Required action – Please reproduce all of the listing below exactly and drop its images.

Task input –
+---+

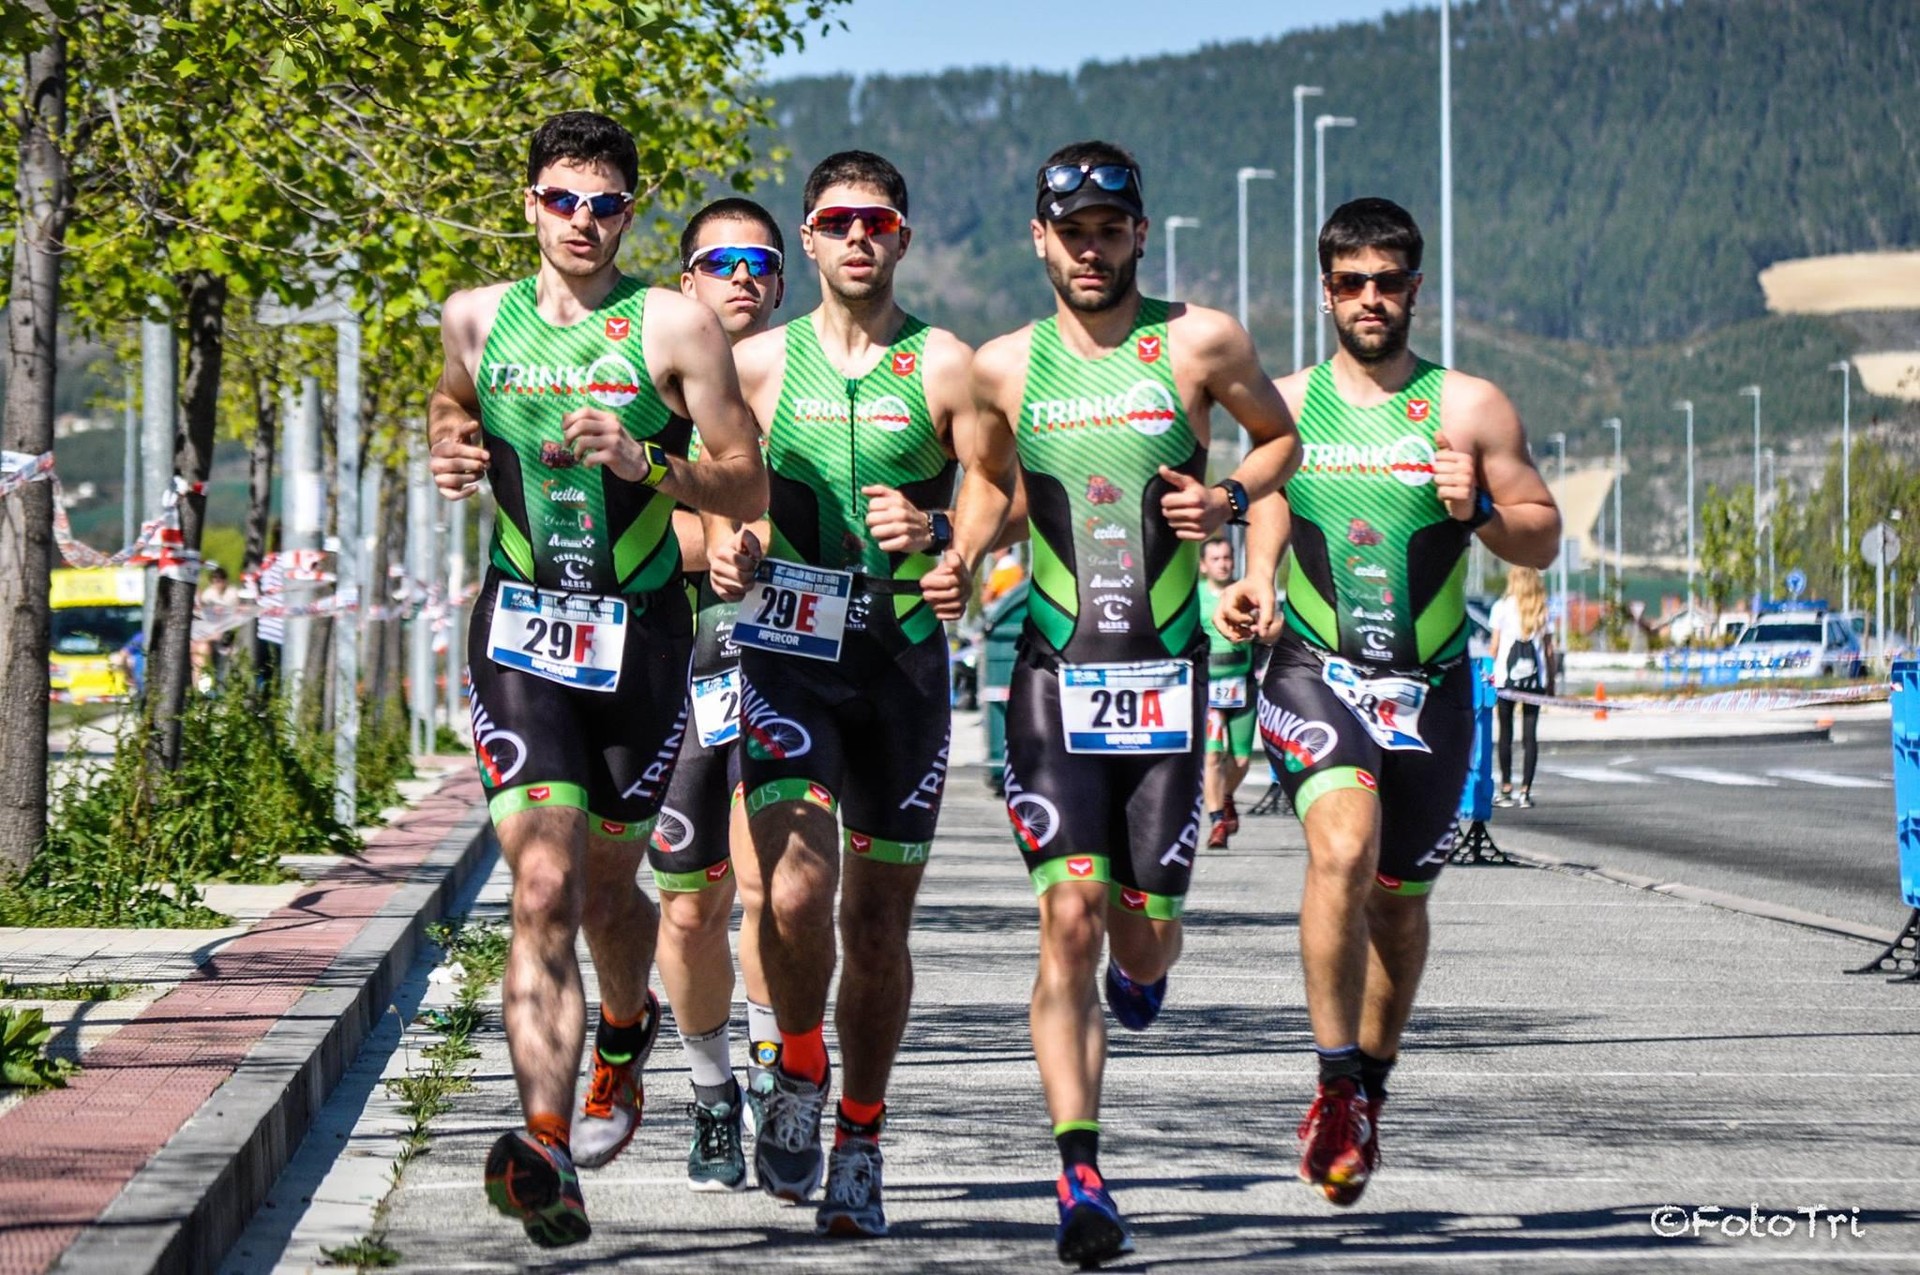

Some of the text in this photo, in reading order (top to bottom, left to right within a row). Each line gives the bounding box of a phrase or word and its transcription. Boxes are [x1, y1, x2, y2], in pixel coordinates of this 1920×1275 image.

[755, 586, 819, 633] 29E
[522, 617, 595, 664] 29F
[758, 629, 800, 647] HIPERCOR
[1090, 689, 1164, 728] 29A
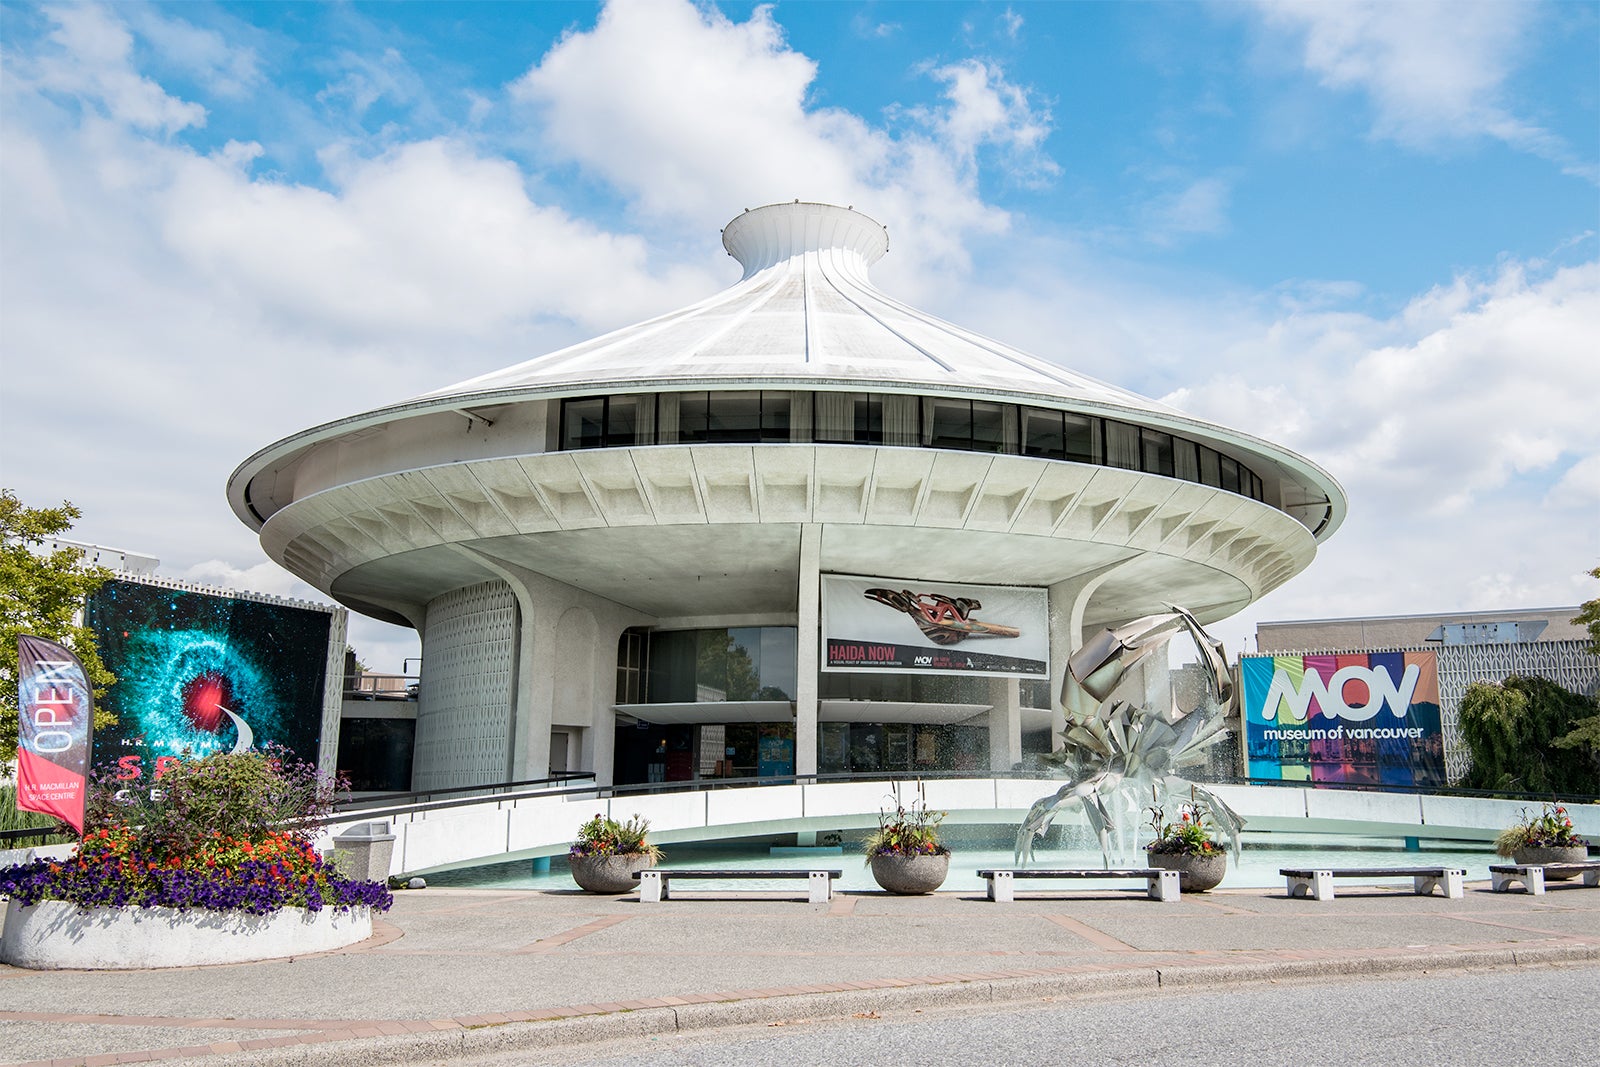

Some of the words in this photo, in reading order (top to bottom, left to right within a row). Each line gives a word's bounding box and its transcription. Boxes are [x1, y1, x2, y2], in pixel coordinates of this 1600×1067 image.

+---+

Exercise response –
Some of the text in this photo, in reading order (top to bottom, left to right within a row). Each line gives the bounding box of a phrase or word and its transcription. Boxes are [x1, y1, x2, y2], in pixel coordinates of this 1920×1275 image.

[755, 586, 819, 633] 29E
[522, 617, 595, 664] 29F
[758, 629, 800, 647] HIPERCOR
[1090, 689, 1164, 728] 29A

Some of the words in this photo, in reading order (top to bottom, left to right within a row). Each line gives a word's bounding box and its transcription. Boxes are [x1, y1, x2, y2], in pixel coordinates of this 1600×1067 image.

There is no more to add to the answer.